By day two, the local news companies were on the scene. However, by this time, a deep schism had split the protesters down the middle. The problem was mainly one of credibility, due to the ringleaders of the strike being those pupils least likely to take any interest in school whatsoever. The most disruptive, delinquent and apathetic pupils became suddenly politicised and passionate about student welfare, simply because it enabled then to legitimately skive.

It was hard to present a tenable manifesto to the staff and media when our main spokesperson was a notable glue sniffer and cat murderer. By the time the local correspondents started interviewing the children involved, the Brockworth Pupils’ Front had spawned a breakaway front, the sceptical and less militant Pupils’ Front of Brockworth, a group of students who agreed with the fundamental tenets of the original action but were quite cold, didn’t want to get into trouble and, if they were honest with themselves, wanted to get on with lessons because exams were coming up.

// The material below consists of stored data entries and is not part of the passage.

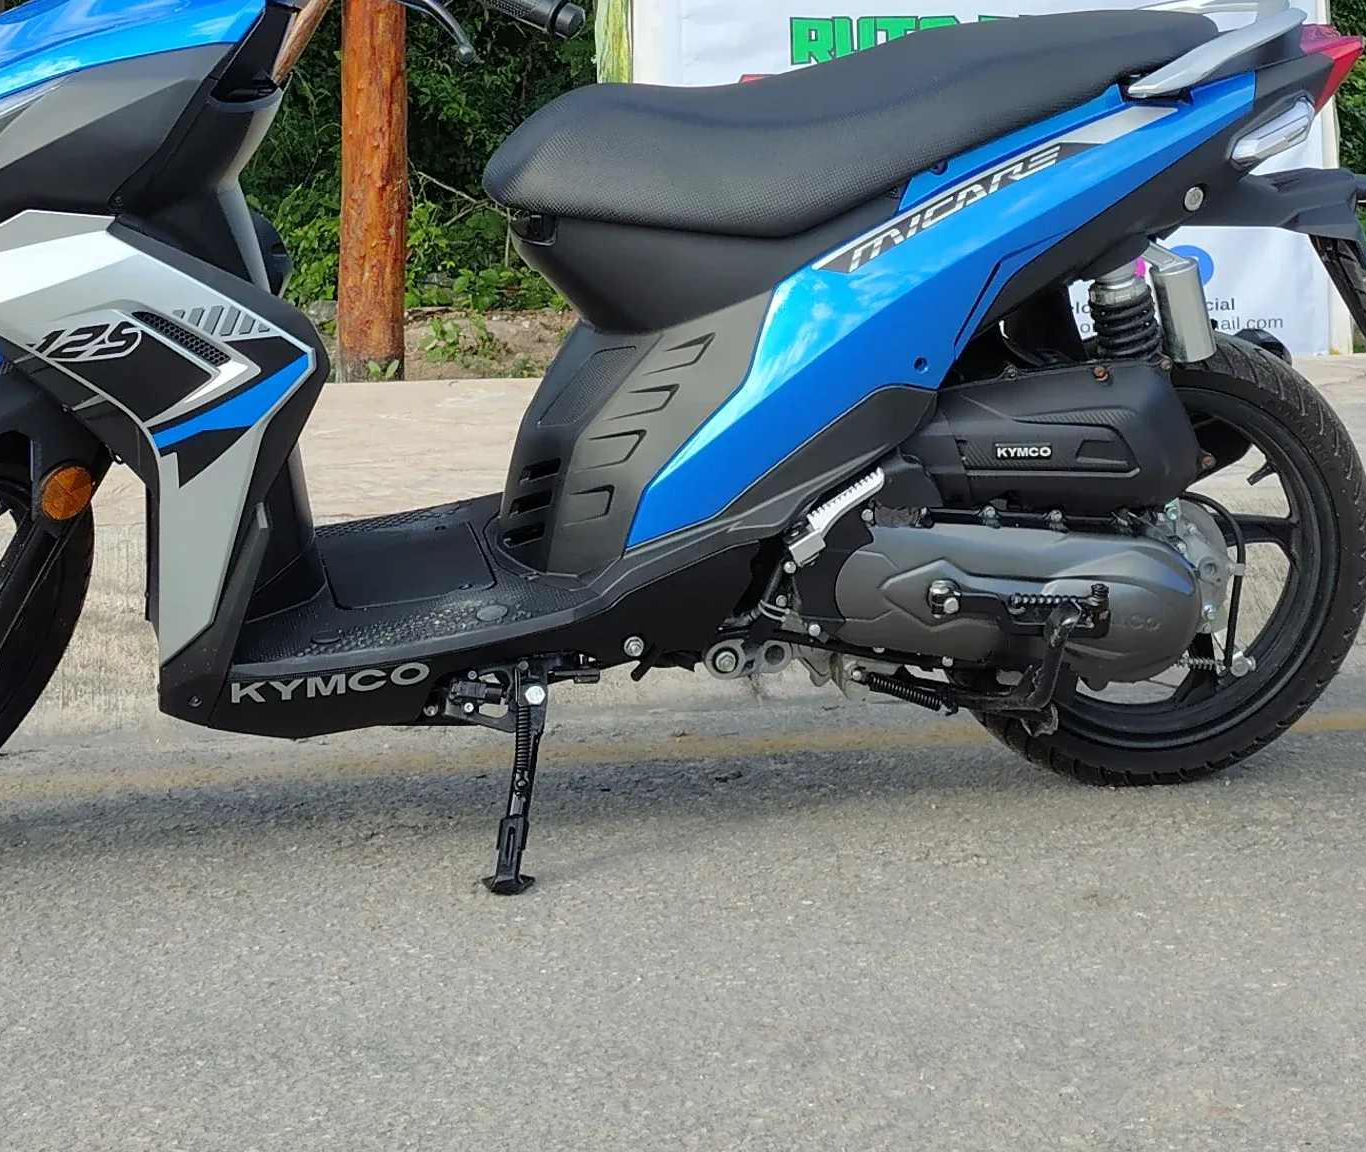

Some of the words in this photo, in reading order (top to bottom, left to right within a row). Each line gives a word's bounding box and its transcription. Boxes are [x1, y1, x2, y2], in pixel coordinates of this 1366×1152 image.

[1206, 297, 1235, 311] cial
[997, 446, 1052, 458] KYMCO
[230, 662, 430, 704] KYMCO
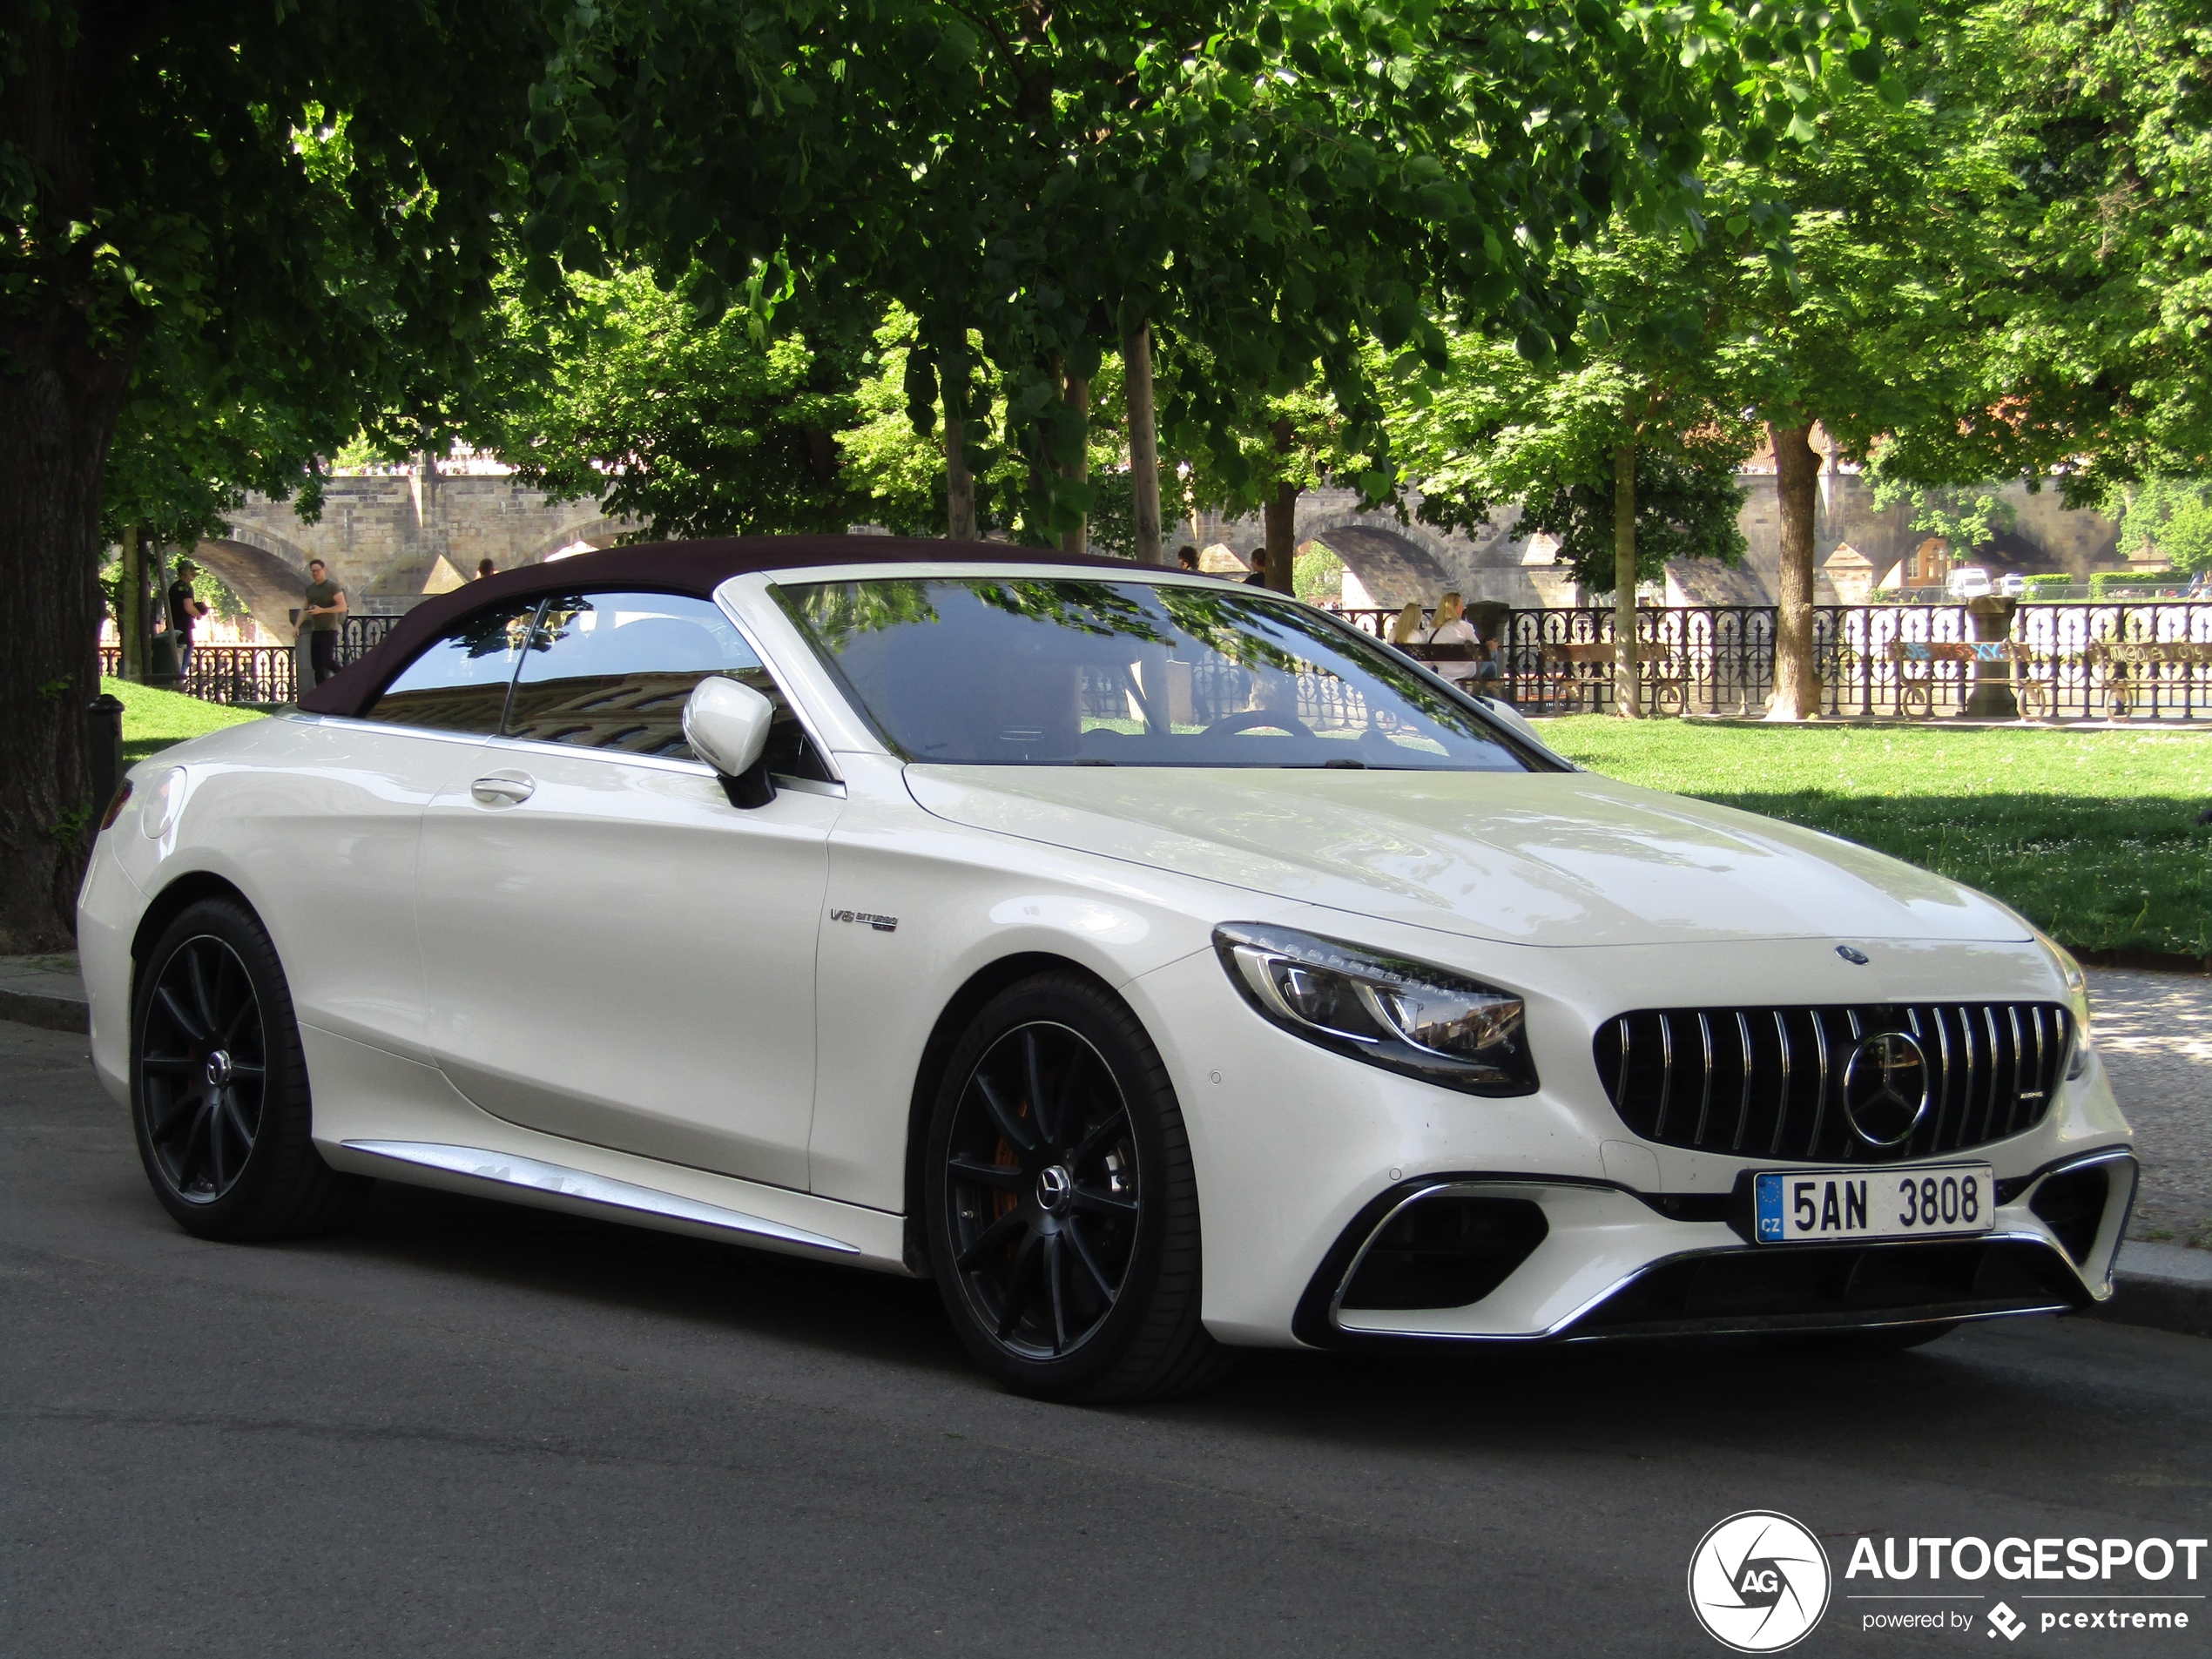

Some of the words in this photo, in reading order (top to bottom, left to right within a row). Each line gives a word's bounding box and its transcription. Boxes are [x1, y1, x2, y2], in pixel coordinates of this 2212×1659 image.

[831, 908, 854, 922] V8
[855, 912, 898, 925] BITURBO
[1792, 1180, 1867, 1231] 5AN
[1898, 1175, 1979, 1227] 3808
[1761, 1218, 1780, 1232] CZ

I was in the latter camp and admitted as much when the regional news show,
Points West
, interviewed me outside the school gates. Unfortunately, my blistering polemics were deemed too controversial for teatime television and instead they went with the more measured comments given by Mark Simpson, the boy standing next to me. Nevertheless, that evening I appeared on television for the very first time; not all of me, about 50 per cent if I remember correctly; but it was enough to qualify as an appearance – you can see my face just before I look sullenly at my eighties slip-on shoes and white socks, allowing my dirty-blond hair to fall into my eyes in case any girls were watching. By the time the ringleaders had nobly marched the four and a half miles to lay their protest at the Gloucestershire County Council building, securing another day away from the classrooms all in the name of fairness, everyone else was back indoors. It was quite exciting, although nowhere near as exciting as a camping trip to Biblins would have been, bummers in the woods or not.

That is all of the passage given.